*** INPUT DATA Section Begins ***

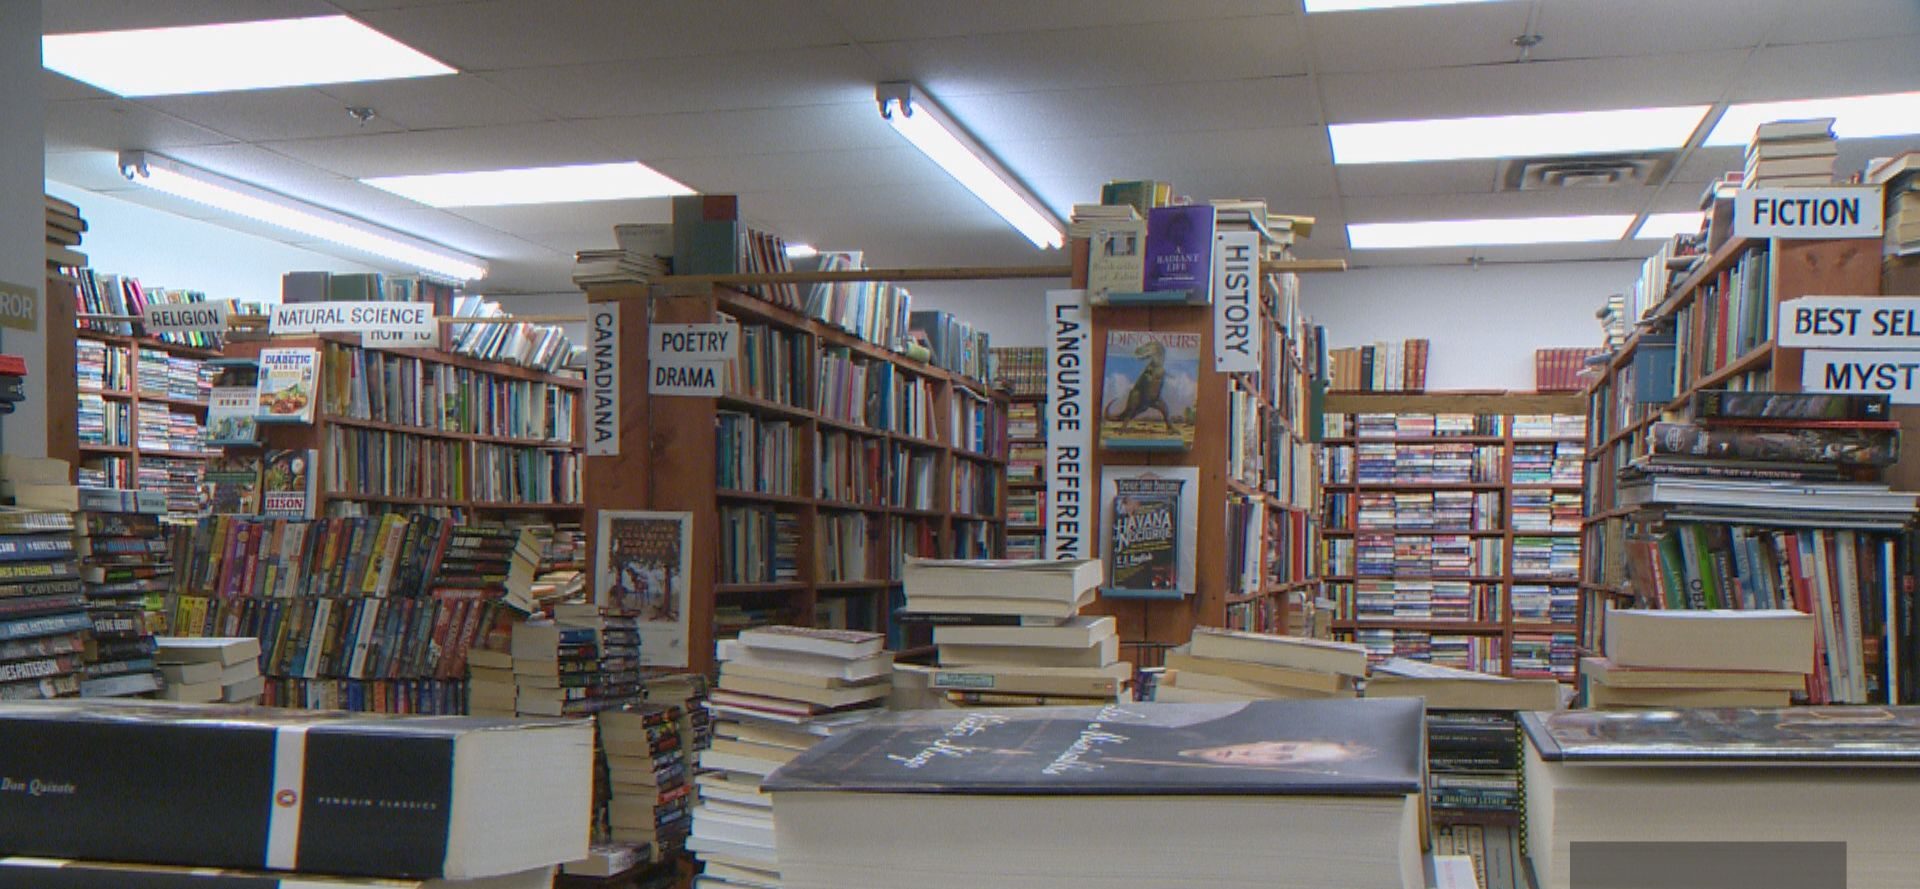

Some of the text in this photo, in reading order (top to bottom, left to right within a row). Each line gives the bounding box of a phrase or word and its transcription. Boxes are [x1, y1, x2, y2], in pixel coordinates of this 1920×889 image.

[1753, 197, 1860, 226] FICTION
[1156, 253, 1200, 265] RADIANT
[1166, 263, 1187, 272] LIFE
[0, 291, 33, 319] ROR
[1224, 245, 1249, 355] HISTORY
[151, 309, 219, 327] RELIGION
[277, 307, 425, 326] NATURAL SCIENCE
[1794, 308, 1920, 336] BEST SEL
[661, 331, 729, 353] POETRY
[264, 355, 311, 364] DIABETIC
[1055, 304, 1080, 431] LANGUAGE
[594, 312, 613, 443] CANADIANA
[655, 366, 716, 388] DRAMA
[1824, 363, 1920, 391] MYST
[266, 499, 305, 509] BISON
[1117, 510, 1173, 534] HAVANA
[95, 620, 114, 632] STEVE
[16, 658, 59, 680] PATTERSON
[1, 777, 76, 797] Don Quixote
[318, 796, 437, 810] PENGUIN CLASSICS

*** INPUT DATA Section Ends ***

Please give back every line above exactly as it stands, without pictures.

**TASK SOLUTION:**
Some of the text in this photo, in reading order (top to bottom, left to right within a row). Each line gives the bounding box of a phrase or word and its transcription. Boxes are [x1, y1, x2, y2], in pixel coordinates of this 1920×889 image.

[1753, 197, 1860, 226] FICTION
[1156, 253, 1200, 265] RADIANT
[1166, 263, 1187, 272] LIFE
[0, 291, 33, 319] ROR
[1224, 245, 1249, 355] HISTORY
[151, 309, 219, 327] RELIGION
[277, 307, 425, 326] NATURAL SCIENCE
[1794, 308, 1920, 336] BEST SEL
[661, 331, 729, 353] POETRY
[264, 355, 311, 364] DIABETIC
[1055, 304, 1080, 431] LANGUAGE
[594, 312, 613, 443] CANADIANA
[655, 366, 716, 388] DRAMA
[1824, 363, 1920, 391] MYST
[266, 499, 305, 509] BISON
[1117, 510, 1173, 534] HAVANA
[95, 620, 114, 632] STEVE
[16, 658, 59, 680] PATTERSON
[1, 777, 76, 797] Don Quixote
[318, 796, 437, 810] PENGUIN CLASSICS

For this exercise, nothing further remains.